After two strenuous years in San Francisco, Hugh and his family were moved to southern California. His first appointment there was to San Bernardino on the edge of the desert at the fool of the mountains. Here with all the children in school -- the oldest now beginning junior-high -- Roberta began to have better health. After one year in San Bernardino, Hugh was assigned to Norwalk, a small town closer to Los Angeles. Here Roberta worked closely with the elementary school where she became P.T.A. president, in addition to her work at the church. At church she worked with a Mrs. Hepler to refresh the interior plus decorate the sanctuary beautifully every week. A money making opportunity came up. The church was offered a secondhand furniture shop to run. Roberta was the main force behind the success of this project. She also convinced the parishioners then it would be a good deal to swap very old furniture in the parsonage for better furnishings from the shop. These activities were indicative of the ingenuity and energy with which Roberta faced life.
A surprise appointment moved Hugh and Roberta from Norwalk to trinity Church in Los Angeles as associate pastor. Because this large down town church had no parsonage, the family had to find their own quarters in the LA area. The first home was in Alhambra, California, where she continued her garden work. Soon it became evident that a residence in Los Angeles itself was more practical. The family lived in several different houses. All near Los Angeles High School. Roberta Melissa and Hugh William Jr (now known as Bill) attended there and graduated. Hugh and Roberta were able to put a down payment on a home at 2121 Overland Avenue in the west Los Angeles area. From this house, the daughter and oldest son began attending UCLA. The second son attended University High School while the youngest went to a nearby grade school.
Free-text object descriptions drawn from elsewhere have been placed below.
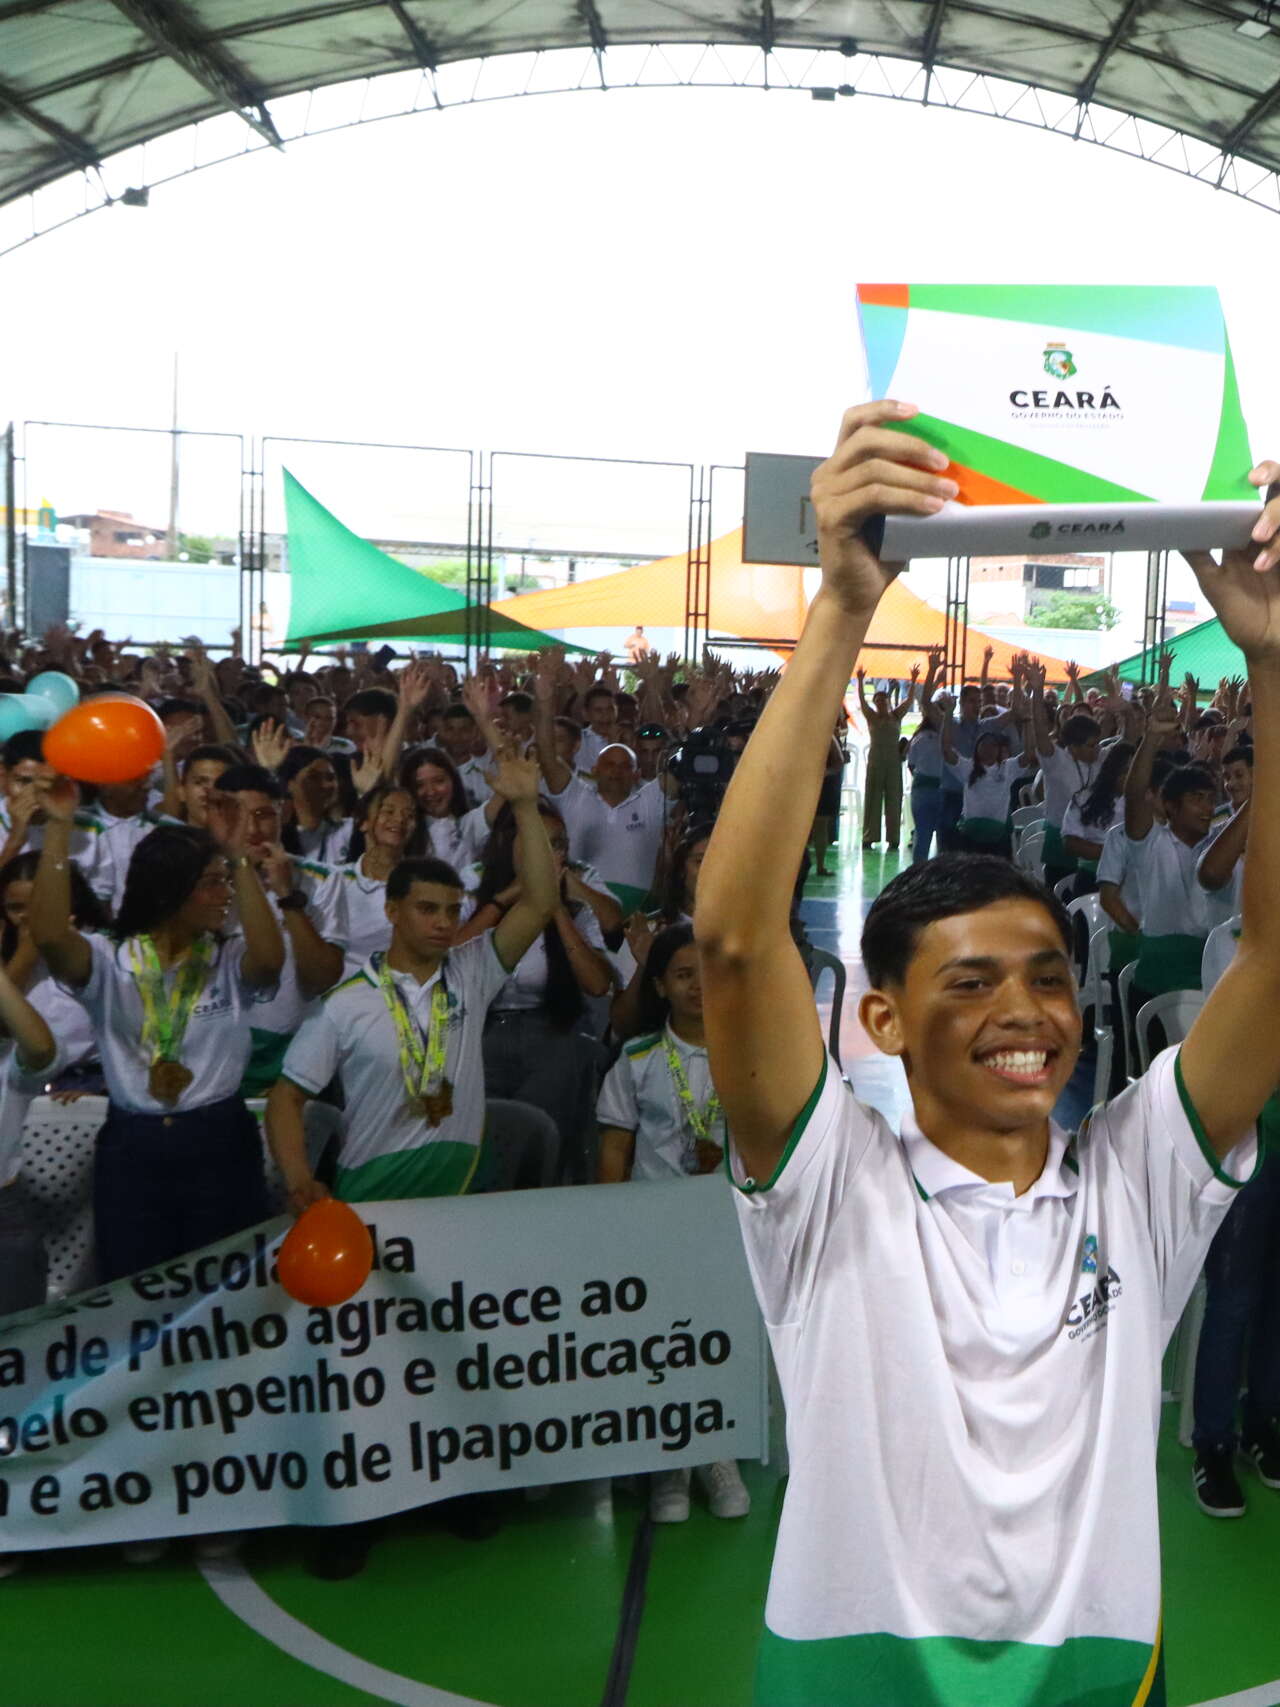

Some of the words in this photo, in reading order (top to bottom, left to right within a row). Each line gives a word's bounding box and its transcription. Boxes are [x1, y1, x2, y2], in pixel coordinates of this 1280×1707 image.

[1009, 385, 1121, 409] CEARÁ
[46, 1324, 109, 1381] de
[129, 1307, 288, 1372] Pinho
[306, 1281, 561, 1357] agradece
[580, 1275, 647, 1317] ao
[128, 1358, 385, 1434] empenho
[404, 1357, 436, 1395] e
[456, 1318, 732, 1392] dedicação
[30, 1474, 60, 1515] e
[79, 1471, 152, 1511] ao
[173, 1450, 308, 1515] povo
[323, 1432, 392, 1490] de
[410, 1397, 735, 1483] Ipaporanga.
Roberta was always active in teaching Sunday school and attending women society activities. However, because of the size of the church, she was no longer expected to "hold the place together." She had a full time job caring for her active family and entertaining their friends and the church folks. One very special visitor in the summer of 1936 was my half-brother Wallace Ford who was a handsome cadet at West Point. (I enjoyed having a big brother with whom I had serous talks.) Roberta visited Wallace at Christmas time in 1935. They met in New York City. Her youngest son David went with her on that trip. In the fall of 1936, Hugh was appointed the district superintendent of the San Francisco-Fresno District of the Methodist Episcopal Church South. Hugh and Roberta and youngest son David moved to San Francisco. Soon, daughter and son, Bill, transferred from U.C.L.A. to U.C. Berkeley. Then the family moved to Berkeley.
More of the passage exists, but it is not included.